Sweeeeeeeeeeeeeet!!!!!!!!!!!!


----------



## fordcowboy (Dec 27, 1999)

great looking cars man. love the blue. fcb


----------



## Bad Dawg Slots (Feb 8, 2009)

wes , excellent job . It's guys like you that make the bodies look good . Nice work


----------



## resinmonger (Mar 5, 2008)

That thar be a mighty fine example of MOPAR engineering!!! Great casting + sweet painting = more Hutt drool than you really want to know about! Plus, it fits on a TYCO chassis. Wait 'till Rich sees this one! :thumbsup: 

:drunk::hat::freak::dude:


----------



## 1976Cordoba (Sep 20, 2000)

I think it kicks ___ :thumbsup:

Great color & really cool wheel selection!


----------



## roadrner (Jul 21, 1999)

Wes,
You nailed them! Definitely a step up. :thumbsup::thumbsup: Dave


----------



## videojimmy (Jan 12, 2006)

great paint job Wes!


----------



## NTxSlotCars (May 27, 2008)

Great Snake Skins!
Looks like it has the Hennessy option.
The rims are just over the top.
On a scale of 1 to 10...."this one goes to eleven!"
Rich :thumbsup:


----------



## WesJY (Mar 4, 2004)

THANKS GUYS!! 

ask bruce about tyco viper gts body!! i am sure he has some to sell. it was fun making this viper car.. i am thinking about making one red one with double stripes not sure..
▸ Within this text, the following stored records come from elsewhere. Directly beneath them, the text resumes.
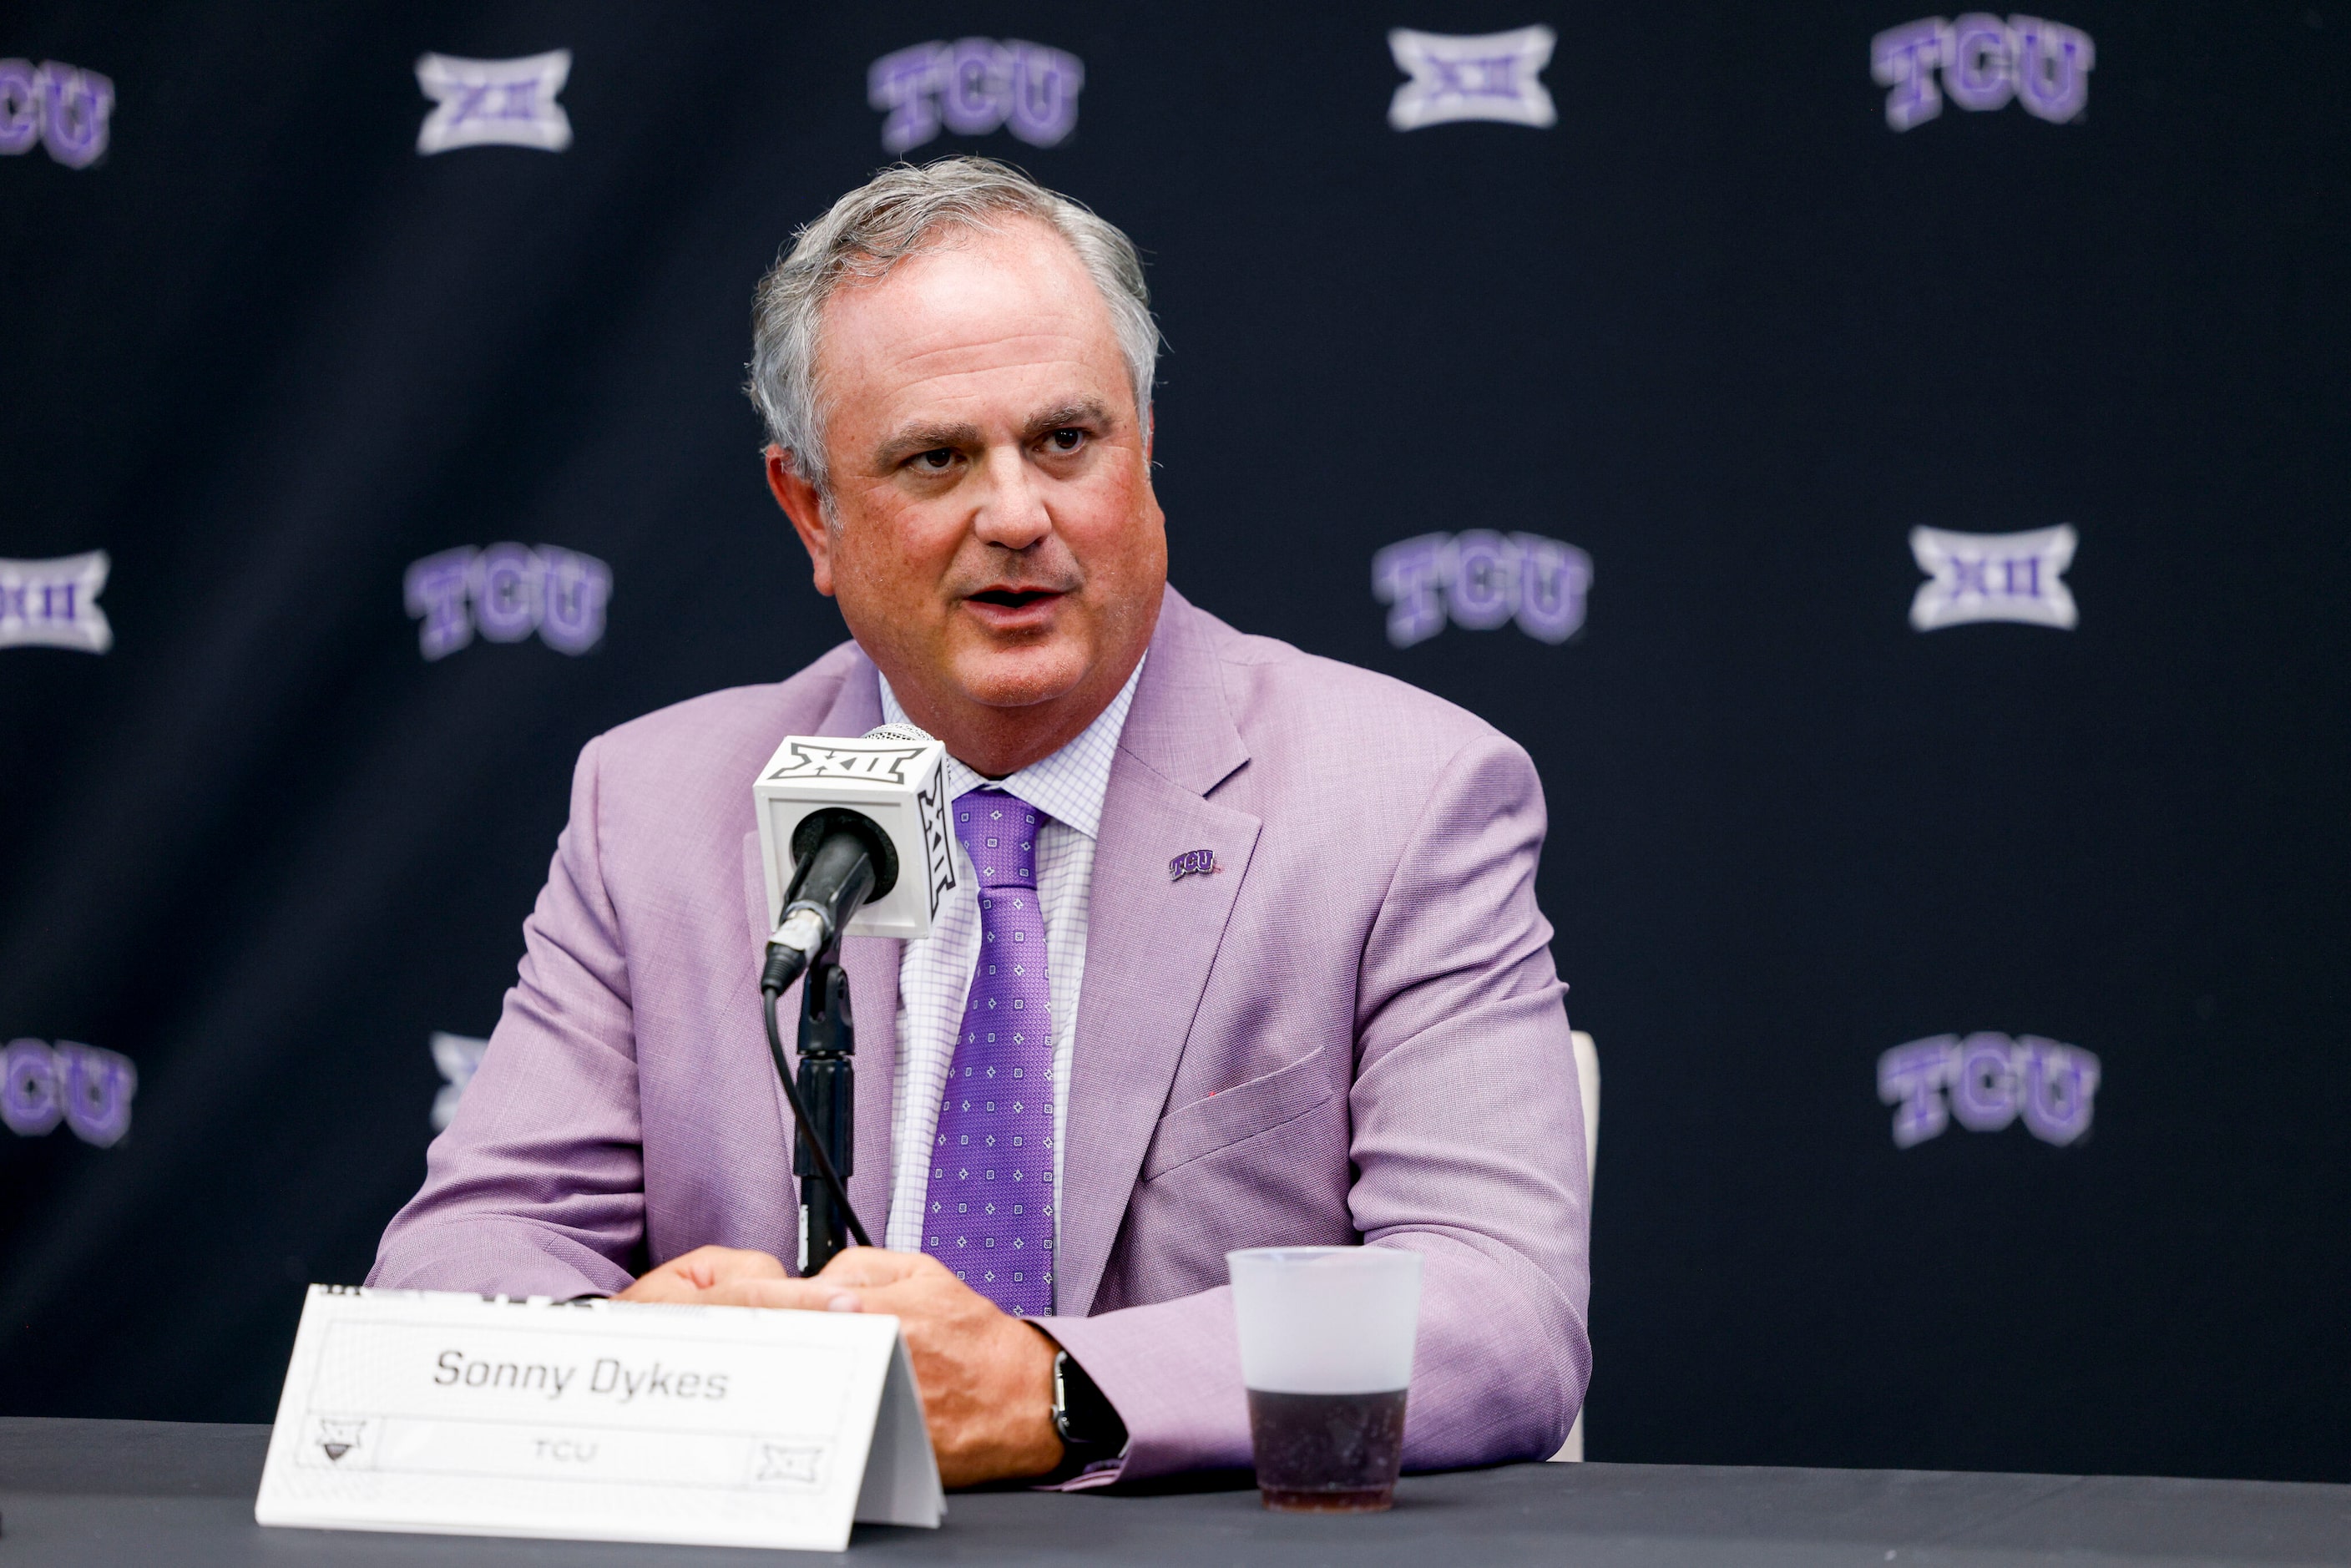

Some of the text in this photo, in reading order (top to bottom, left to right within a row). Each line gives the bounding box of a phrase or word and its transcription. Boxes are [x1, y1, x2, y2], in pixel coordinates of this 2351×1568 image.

[867, 36, 1086, 154] TCU
[1870, 12, 2096, 132] TCU
[403, 541, 614, 660] TCU
[1372, 528, 1593, 645] TCU
[1170, 850, 1215, 881] TCU
[1877, 1031, 2101, 1148] TCU
[433, 1349, 730, 1404] Sonny Dykes
[533, 1438, 599, 1462] TCU
those wheels came from maisto diecast cars 1/64. just fyi.

and of course i got more coming!!!

Wes


----------



## bobhch (Apr 22, 2007)

*Wes you are the Tyco Pro........*



WesJY said:


> THANKS GUYS!!
> 
> ask bruce about tyco viper gts body!! i am sure he has some to sell. it was fun making this viper car.. i am thinking about making one red one with double stripes not sure..
> 
> ...


Wes,

The Blue Viper GTS is one Heck of a Looker man!!!! Oooooooooh please do one up in Red...............That would be Very Kewl also!

Bob...Dodge...Dodge what...Dodge this (WACK, WACK)...zilla


----------



## satellite1 (Jan 9, 2004)

Hey, Wes, great aggressive looking Viper :thumbsup:










any problems on the track with the maisto/rims/tires ?


----------



## LeeRoy98 (Jul 8, 2005)

Beautiful!!!

Gary
AKA LeeRoy98
www.marioncountyraceway.com


----------



## WesJY (Mar 4, 2004)

satellite1 said:


> Hey, Wes, great aggressive looking Viper :thumbsup:
> 
> 
> 
> ...


maisto/rims/tires are crap.. its just for the looks. if anyone would make a silicone tires to fit those rims.. maybe it might help. 

thanks!
Wes


----------



## RacerDave (Mar 28, 2006)

Nice job Wes. Love it! Dave.


----------



## Hilltop Raceway (Feb 12, 2006)

satellite1 said:


> Hey, Wes, great aggressive looking Viper :thumbsup:
> 
> 
> 
> ...


Ok Satelite, How'd you do the Willys animation??? RM


----------



## slotnewbie69 (Dec 3, 2008)

nice work!where did the treaded tires come from??


----------



## satellite1 (Jan 9, 2004)

Hilltop Raceway said:


> Ok Satelite, How'd you do the Willys animation??? RM


Stay tuned - I will send you pm


----------